Extract every entry word for word.
********
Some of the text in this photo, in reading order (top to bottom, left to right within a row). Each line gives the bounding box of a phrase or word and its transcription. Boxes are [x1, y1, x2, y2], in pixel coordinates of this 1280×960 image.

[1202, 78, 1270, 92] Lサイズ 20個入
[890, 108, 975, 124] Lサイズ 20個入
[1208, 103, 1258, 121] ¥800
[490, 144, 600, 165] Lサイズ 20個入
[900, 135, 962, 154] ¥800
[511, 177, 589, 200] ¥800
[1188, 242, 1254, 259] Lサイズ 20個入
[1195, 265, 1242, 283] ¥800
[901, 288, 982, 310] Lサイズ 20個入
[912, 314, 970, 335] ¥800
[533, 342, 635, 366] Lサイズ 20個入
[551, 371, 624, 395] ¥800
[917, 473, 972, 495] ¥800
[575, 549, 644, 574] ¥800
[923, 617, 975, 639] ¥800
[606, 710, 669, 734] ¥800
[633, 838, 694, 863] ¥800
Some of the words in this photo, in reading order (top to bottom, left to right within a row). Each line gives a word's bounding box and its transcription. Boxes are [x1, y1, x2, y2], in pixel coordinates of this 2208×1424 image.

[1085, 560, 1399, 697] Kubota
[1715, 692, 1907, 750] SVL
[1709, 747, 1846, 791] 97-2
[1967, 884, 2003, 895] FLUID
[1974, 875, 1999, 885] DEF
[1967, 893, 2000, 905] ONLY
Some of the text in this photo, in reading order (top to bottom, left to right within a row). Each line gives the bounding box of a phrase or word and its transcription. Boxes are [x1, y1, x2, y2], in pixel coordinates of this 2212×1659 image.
********
▶ _Response to this task_
Some of the text in this photo, in reading order (top to bottom, left to right within a row). Each line gives the bounding box of a phrase or word and its transcription. Boxes are [x1, y1, x2, y2], in pixel coordinates of this 1280×960 image.

[1202, 78, 1270, 92] Lサイズ 20個入
[890, 108, 975, 124] Lサイズ 20個入
[1208, 103, 1258, 121] ¥800
[490, 144, 600, 165] Lサイズ 20個入
[900, 135, 962, 154] ¥800
[511, 177, 589, 200] ¥800
[1188, 242, 1254, 259] Lサイズ 20個入
[1195, 265, 1242, 283] ¥800
[901, 288, 982, 310] Lサイズ 20個入
[912, 314, 970, 335] ¥800
[533, 342, 635, 366] Lサイズ 20個入
[551, 371, 624, 395] ¥800
[917, 473, 972, 495] ¥800
[575, 549, 644, 574] ¥800
[923, 617, 975, 639] ¥800
[606, 710, 669, 734] ¥800
[633, 838, 694, 863] ¥800
Some of the words in this photo, in reading order (top to bottom, left to right within a row). Each line gives a word's bounding box and its transcription. Boxes are [x1, y1, x2, y2], in pixel coordinates of this 2208×1424 image.

[1085, 560, 1399, 697] Kubota
[1715, 692, 1907, 750] SVL
[1709, 747, 1846, 791] 97-2
[1967, 884, 2003, 895] FLUID
[1974, 875, 1999, 885] DEF
[1967, 893, 2000, 905] ONLY
Some of the text in this photo, in reading order (top to bottom, left to right within a row). Each line gives the bounding box of a phrase or word and its transcription. Boxes are [x1, y1, x2, y2], in pixel coordinates of this 2212×1659 image.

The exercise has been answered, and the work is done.